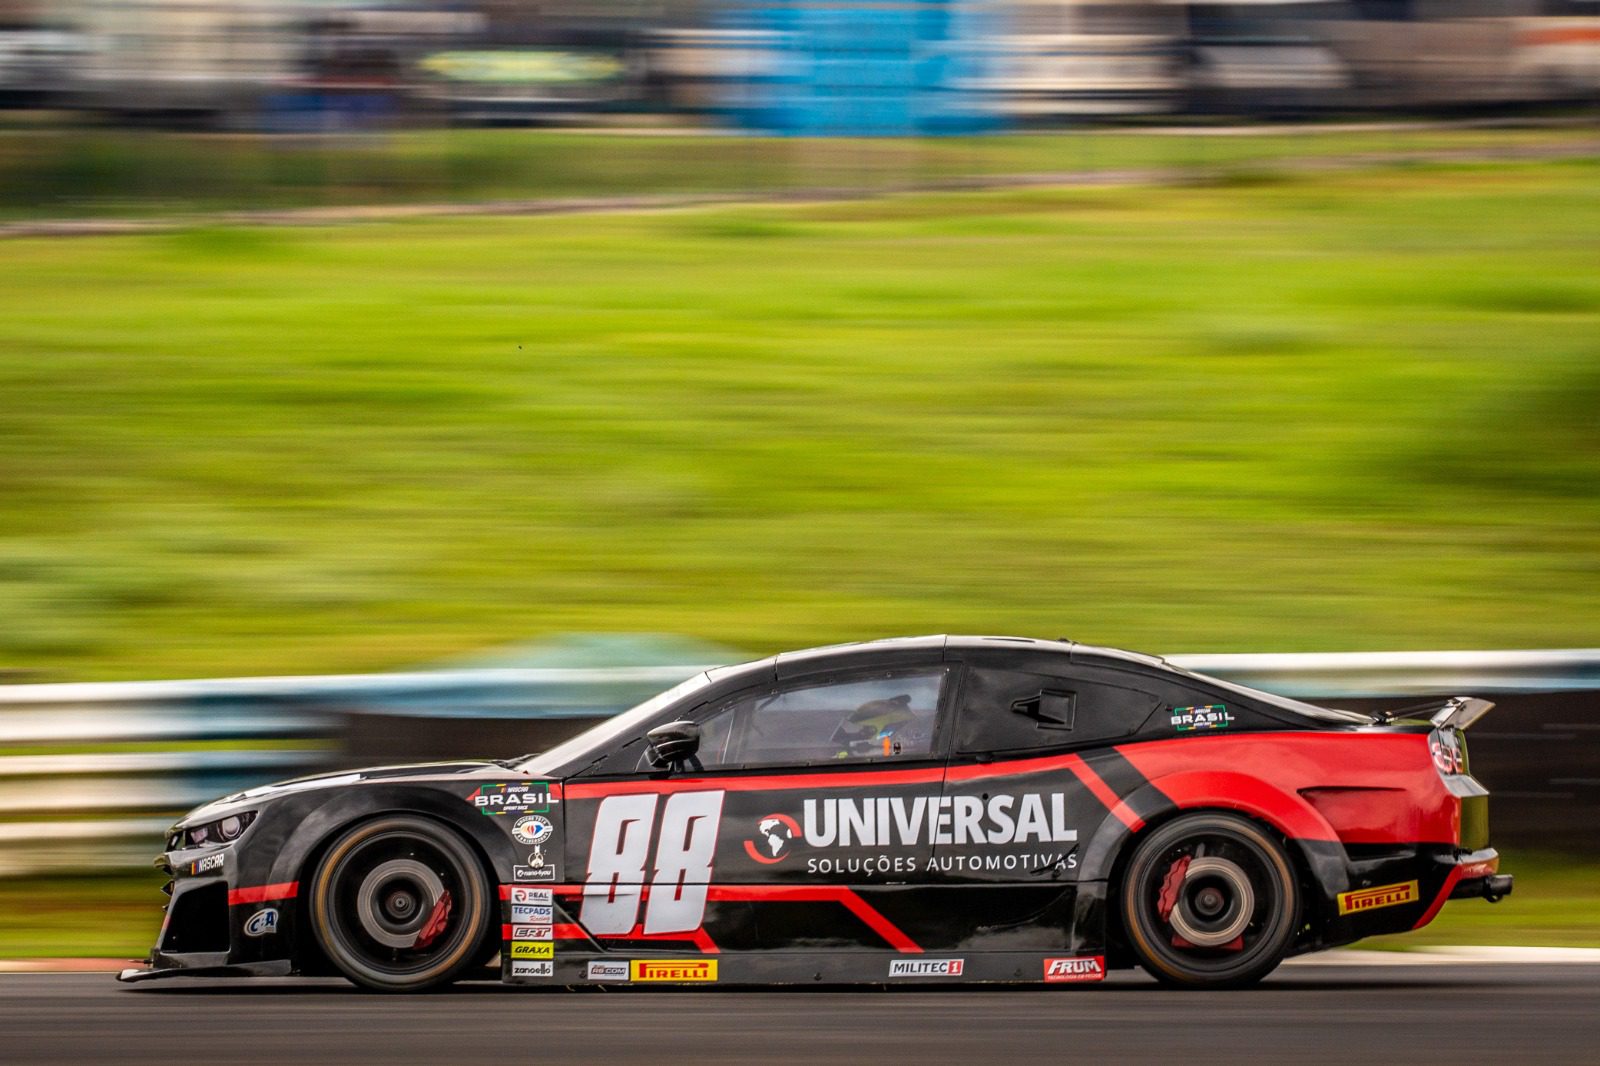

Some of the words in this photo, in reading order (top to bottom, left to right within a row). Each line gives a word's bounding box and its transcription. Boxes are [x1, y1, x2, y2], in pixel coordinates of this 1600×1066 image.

[1171, 712, 1235, 725] BRASIL
[475, 793, 559, 806] BRASIL
[804, 793, 1077, 847] UNIVERSAL
[198, 854, 224, 872] NASCAR
[579, 790, 725, 936] 88
[808, 855, 916, 877] SOLUÇÕES
[926, 853, 1077, 873] AUTOMOTIVAS
[1344, 885, 1410, 910] PIRELLI
[514, 907, 550, 915] TECPADS
[515, 928, 551, 937] ERT
[515, 946, 550, 954] GRAXA
[639, 963, 709, 978] PIRELLI
[1048, 958, 1101, 975] FRUM

------------

TASK DESCRIPTION »
Please transcribe every entry exactly as written, leaving the pictures out.

YOUR SOLUTION »
Some of the words in this photo, in reading order (top to bottom, left to right within a row). Each line gives a word's bounding box and its transcription. Boxes are [x1, y1, x2, y2], in pixel coordinates of this 1600×1066 image.

[1171, 712, 1235, 725] BRASIL
[475, 793, 559, 806] BRASIL
[804, 793, 1077, 847] UNIVERSAL
[198, 854, 224, 872] NASCAR
[579, 790, 725, 936] 88
[808, 855, 916, 877] SOLUÇÕES
[926, 853, 1077, 873] AUTOMOTIVAS
[1344, 885, 1410, 910] PIRELLI
[514, 907, 550, 915] TECPADS
[515, 928, 551, 937] ERT
[515, 946, 550, 954] GRAXA
[639, 963, 709, 978] PIRELLI
[1048, 958, 1101, 975] FRUM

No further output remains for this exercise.